INSTRUCTIONS FOR THE TASK> All the data below goes into the copy word for word, but the pictures don't.

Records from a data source

★ ★ ★ ★ ★ ★ ★

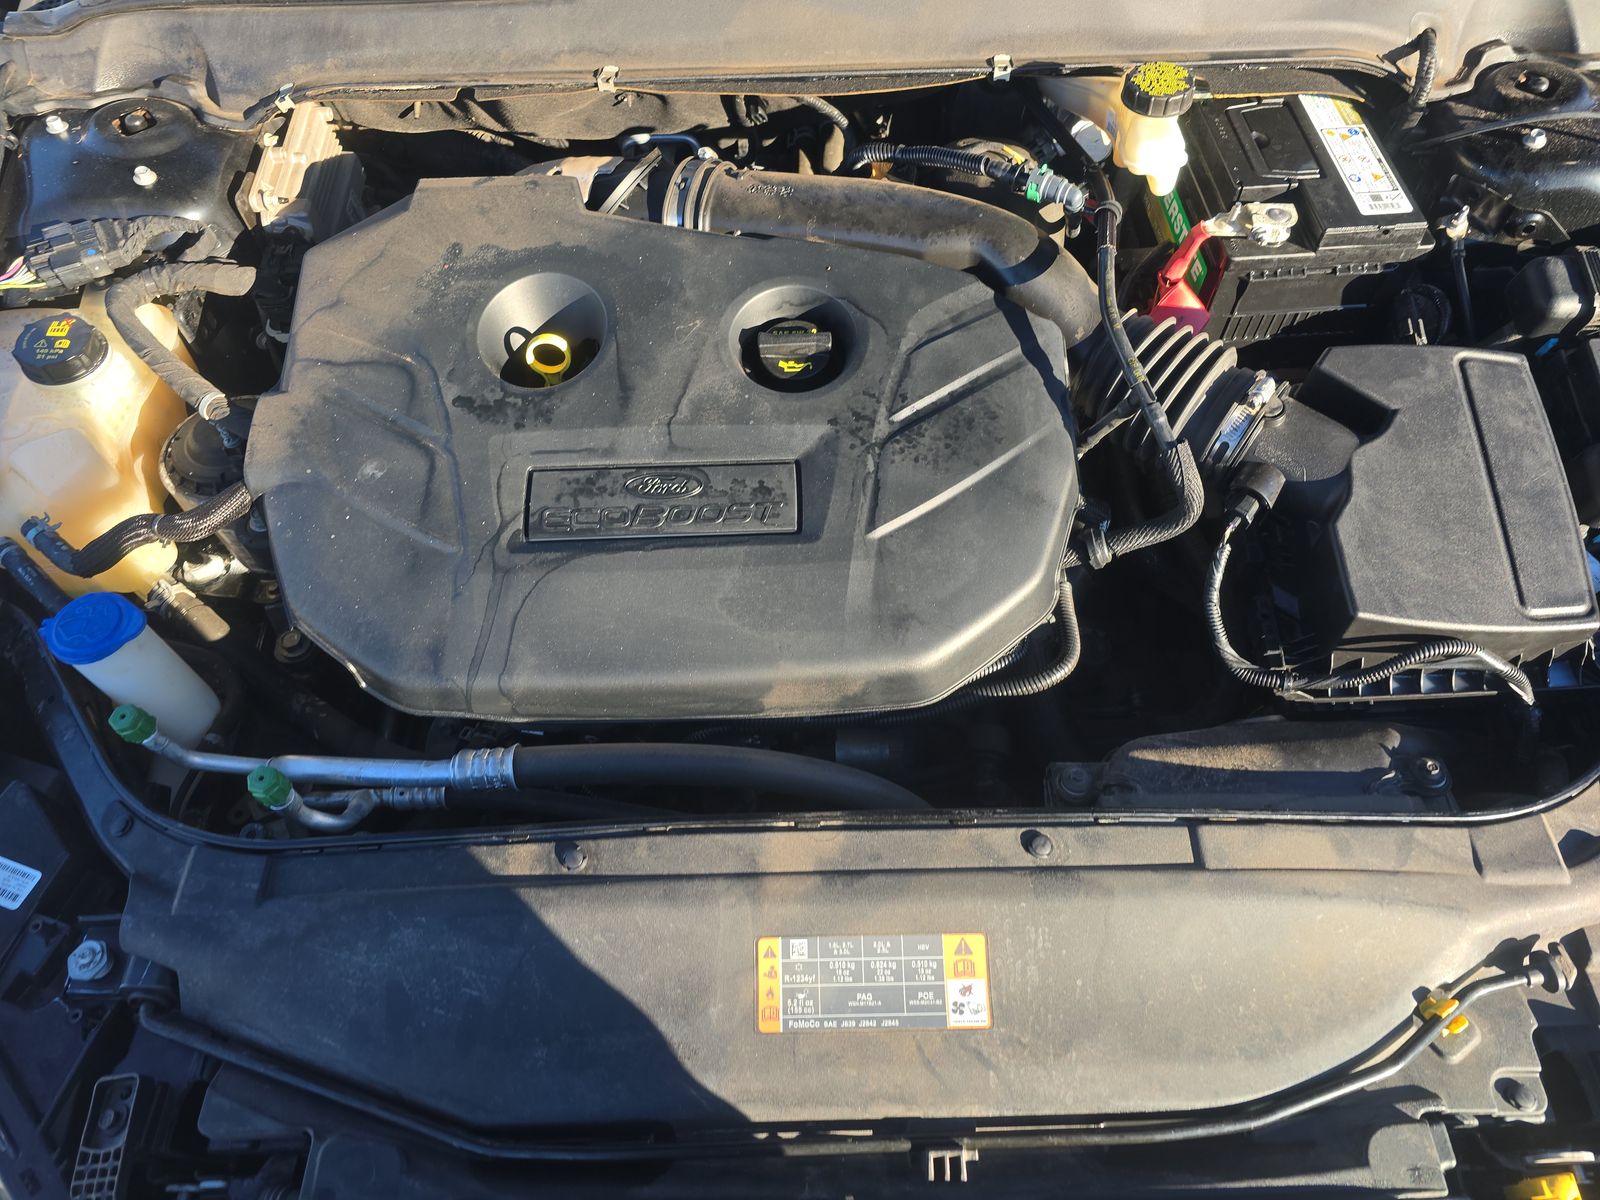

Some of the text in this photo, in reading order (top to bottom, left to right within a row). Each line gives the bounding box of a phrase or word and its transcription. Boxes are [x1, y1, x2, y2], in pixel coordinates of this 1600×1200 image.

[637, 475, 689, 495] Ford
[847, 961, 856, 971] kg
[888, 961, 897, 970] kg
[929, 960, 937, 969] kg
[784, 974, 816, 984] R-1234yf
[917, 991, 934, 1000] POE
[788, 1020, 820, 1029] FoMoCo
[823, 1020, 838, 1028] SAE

★ ★ ★ ★ ★ ★ ★

OUTPUT FOR THIS TASK>
Some of the text in this photo, in reading order (top to bottom, left to right within a row). Each line gives the bounding box of a phrase or word and its transcription. Boxes are [x1, y1, x2, y2], in pixel coordinates of this 1600×1200 image.

[637, 475, 689, 495] Ford
[847, 961, 856, 971] kg
[888, 961, 897, 970] kg
[929, 960, 937, 969] kg
[784, 974, 816, 984] R-1234yf
[917, 991, 934, 1000] POE
[788, 1020, 820, 1029] FoMoCo
[823, 1020, 838, 1028] SAE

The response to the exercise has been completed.